(Beginning of Dataset entries)
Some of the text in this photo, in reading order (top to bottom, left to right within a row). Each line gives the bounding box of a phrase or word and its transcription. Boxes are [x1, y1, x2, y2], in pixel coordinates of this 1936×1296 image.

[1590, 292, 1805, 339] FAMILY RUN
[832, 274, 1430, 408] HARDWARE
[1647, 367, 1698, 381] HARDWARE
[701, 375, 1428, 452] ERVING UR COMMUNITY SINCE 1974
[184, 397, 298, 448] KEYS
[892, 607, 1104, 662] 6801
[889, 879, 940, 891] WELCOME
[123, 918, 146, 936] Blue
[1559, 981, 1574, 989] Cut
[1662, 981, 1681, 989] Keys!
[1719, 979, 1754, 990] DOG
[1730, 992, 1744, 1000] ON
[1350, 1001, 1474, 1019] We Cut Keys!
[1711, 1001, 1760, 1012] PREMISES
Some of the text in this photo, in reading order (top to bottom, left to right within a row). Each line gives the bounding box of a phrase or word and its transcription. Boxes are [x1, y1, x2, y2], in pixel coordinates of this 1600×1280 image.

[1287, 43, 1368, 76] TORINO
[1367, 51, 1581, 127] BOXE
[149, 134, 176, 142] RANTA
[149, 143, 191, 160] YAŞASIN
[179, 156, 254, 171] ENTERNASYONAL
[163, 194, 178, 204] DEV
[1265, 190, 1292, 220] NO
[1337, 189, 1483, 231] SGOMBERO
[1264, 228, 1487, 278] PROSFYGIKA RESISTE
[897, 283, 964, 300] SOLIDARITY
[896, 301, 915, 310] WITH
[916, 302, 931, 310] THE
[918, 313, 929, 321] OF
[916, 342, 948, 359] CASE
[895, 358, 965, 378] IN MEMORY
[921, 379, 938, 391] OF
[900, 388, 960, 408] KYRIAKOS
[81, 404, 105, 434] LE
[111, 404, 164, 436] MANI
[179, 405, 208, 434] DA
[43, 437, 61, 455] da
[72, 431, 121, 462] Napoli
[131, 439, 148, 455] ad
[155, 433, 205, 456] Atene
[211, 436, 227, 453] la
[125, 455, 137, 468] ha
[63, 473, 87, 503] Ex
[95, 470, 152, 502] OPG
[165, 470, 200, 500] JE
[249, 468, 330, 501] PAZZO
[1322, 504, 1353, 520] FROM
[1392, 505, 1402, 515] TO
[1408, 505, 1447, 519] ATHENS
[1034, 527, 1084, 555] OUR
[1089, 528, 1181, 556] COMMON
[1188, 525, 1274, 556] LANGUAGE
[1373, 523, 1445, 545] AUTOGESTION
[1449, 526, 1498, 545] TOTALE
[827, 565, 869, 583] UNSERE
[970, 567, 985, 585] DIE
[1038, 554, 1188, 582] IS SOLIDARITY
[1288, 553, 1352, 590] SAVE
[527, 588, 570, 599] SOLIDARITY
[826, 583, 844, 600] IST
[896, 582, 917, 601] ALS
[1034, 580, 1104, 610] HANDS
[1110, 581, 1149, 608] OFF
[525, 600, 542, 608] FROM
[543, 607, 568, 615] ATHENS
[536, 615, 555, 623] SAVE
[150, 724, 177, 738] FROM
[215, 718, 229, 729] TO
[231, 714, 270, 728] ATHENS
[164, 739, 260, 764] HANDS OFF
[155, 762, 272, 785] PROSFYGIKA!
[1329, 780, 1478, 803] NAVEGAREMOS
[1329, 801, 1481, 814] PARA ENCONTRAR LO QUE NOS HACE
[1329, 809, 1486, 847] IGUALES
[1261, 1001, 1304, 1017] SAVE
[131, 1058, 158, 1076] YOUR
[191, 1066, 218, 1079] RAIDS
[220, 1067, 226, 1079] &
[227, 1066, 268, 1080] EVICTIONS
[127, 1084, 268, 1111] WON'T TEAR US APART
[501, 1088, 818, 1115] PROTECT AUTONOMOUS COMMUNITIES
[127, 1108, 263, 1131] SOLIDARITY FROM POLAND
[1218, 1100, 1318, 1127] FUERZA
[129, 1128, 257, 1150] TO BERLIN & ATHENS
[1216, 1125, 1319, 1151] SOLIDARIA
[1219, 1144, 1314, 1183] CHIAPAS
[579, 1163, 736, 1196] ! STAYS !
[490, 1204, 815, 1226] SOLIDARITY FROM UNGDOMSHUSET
(End of Dataset entries)
What to work on>
Each record must be repeated exactly as it appears above.

Solution to this task>
Some of the text in this photo, in reading order (top to bottom, left to right within a row). Each line gives the bounding box of a phrase or word and its transcription. Boxes are [x1, y1, x2, y2], in pixel coordinates of this 1936×1296 image.

[1590, 292, 1805, 339] FAMILY RUN
[832, 274, 1430, 408] HARDWARE
[1647, 367, 1698, 381] HARDWARE
[701, 375, 1428, 452] ERVING UR COMMUNITY SINCE 1974
[184, 397, 298, 448] KEYS
[892, 607, 1104, 662] 6801
[889, 879, 940, 891] WELCOME
[123, 918, 146, 936] Blue
[1559, 981, 1574, 989] Cut
[1662, 981, 1681, 989] Keys!
[1719, 979, 1754, 990] DOG
[1730, 992, 1744, 1000] ON
[1350, 1001, 1474, 1019] We Cut Keys!
[1711, 1001, 1760, 1012] PREMISES
Some of the text in this photo, in reading order (top to bottom, left to right within a row). Each line gives the bounding box of a phrase or word and its transcription. Boxes are [x1, y1, x2, y2], in pixel coordinates of this 1600×1280 image.

[1287, 43, 1368, 76] TORINO
[1367, 51, 1581, 127] BOXE
[149, 134, 176, 142] RANTA
[149, 143, 191, 160] YAŞASIN
[179, 156, 254, 171] ENTERNASYONAL
[163, 194, 178, 204] DEV
[1265, 190, 1292, 220] NO
[1337, 189, 1483, 231] SGOMBERO
[1264, 228, 1487, 278] PROSFYGIKA RESISTE
[897, 283, 964, 300] SOLIDARITY
[896, 301, 915, 310] WITH
[916, 302, 931, 310] THE
[918, 313, 929, 321] OF
[916, 342, 948, 359] CASE
[895, 358, 965, 378] IN MEMORY
[921, 379, 938, 391] OF
[900, 388, 960, 408] KYRIAKOS
[81, 404, 105, 434] LE
[111, 404, 164, 436] MANI
[179, 405, 208, 434] DA
[43, 437, 61, 455] da
[72, 431, 121, 462] Napoli
[131, 439, 148, 455] ad
[155, 433, 205, 456] Atene
[211, 436, 227, 453] la
[125, 455, 137, 468] ha
[63, 473, 87, 503] Ex
[95, 470, 152, 502] OPG
[165, 470, 200, 500] JE
[249, 468, 330, 501] PAZZO
[1322, 504, 1353, 520] FROM
[1392, 505, 1402, 515] TO
[1408, 505, 1447, 519] ATHENS
[1034, 527, 1084, 555] OUR
[1089, 528, 1181, 556] COMMON
[1188, 525, 1274, 556] LANGUAGE
[1373, 523, 1445, 545] AUTOGESTION
[1449, 526, 1498, 545] TOTALE
[827, 565, 869, 583] UNSERE
[970, 567, 985, 585] DIE
[1038, 554, 1188, 582] IS SOLIDARITY
[1288, 553, 1352, 590] SAVE
[527, 588, 570, 599] SOLIDARITY
[826, 583, 844, 600] IST
[896, 582, 917, 601] ALS
[1034, 580, 1104, 610] HANDS
[1110, 581, 1149, 608] OFF
[525, 600, 542, 608] FROM
[543, 607, 568, 615] ATHENS
[536, 615, 555, 623] SAVE
[150, 724, 177, 738] FROM
[215, 718, 229, 729] TO
[231, 714, 270, 728] ATHENS
[164, 739, 260, 764] HANDS OFF
[155, 762, 272, 785] PROSFYGIKA!
[1329, 780, 1478, 803] NAVEGAREMOS
[1329, 801, 1481, 814] PARA ENCONTRAR LO QUE NOS HACE
[1329, 809, 1486, 847] IGUALES
[1261, 1001, 1304, 1017] SAVE
[131, 1058, 158, 1076] YOUR
[191, 1066, 218, 1079] RAIDS
[220, 1067, 226, 1079] &
[227, 1066, 268, 1080] EVICTIONS
[127, 1084, 268, 1111] WON'T TEAR US APART
[501, 1088, 818, 1115] PROTECT AUTONOMOUS COMMUNITIES
[127, 1108, 263, 1131] SOLIDARITY FROM POLAND
[1218, 1100, 1318, 1127] FUERZA
[129, 1128, 257, 1150] TO BERLIN & ATHENS
[1216, 1125, 1319, 1151] SOLIDARIA
[1219, 1144, 1314, 1183] CHIAPAS
[579, 1163, 736, 1196] ! STAYS !
[490, 1204, 815, 1226] SOLIDARITY FROM UNGDOMSHUSET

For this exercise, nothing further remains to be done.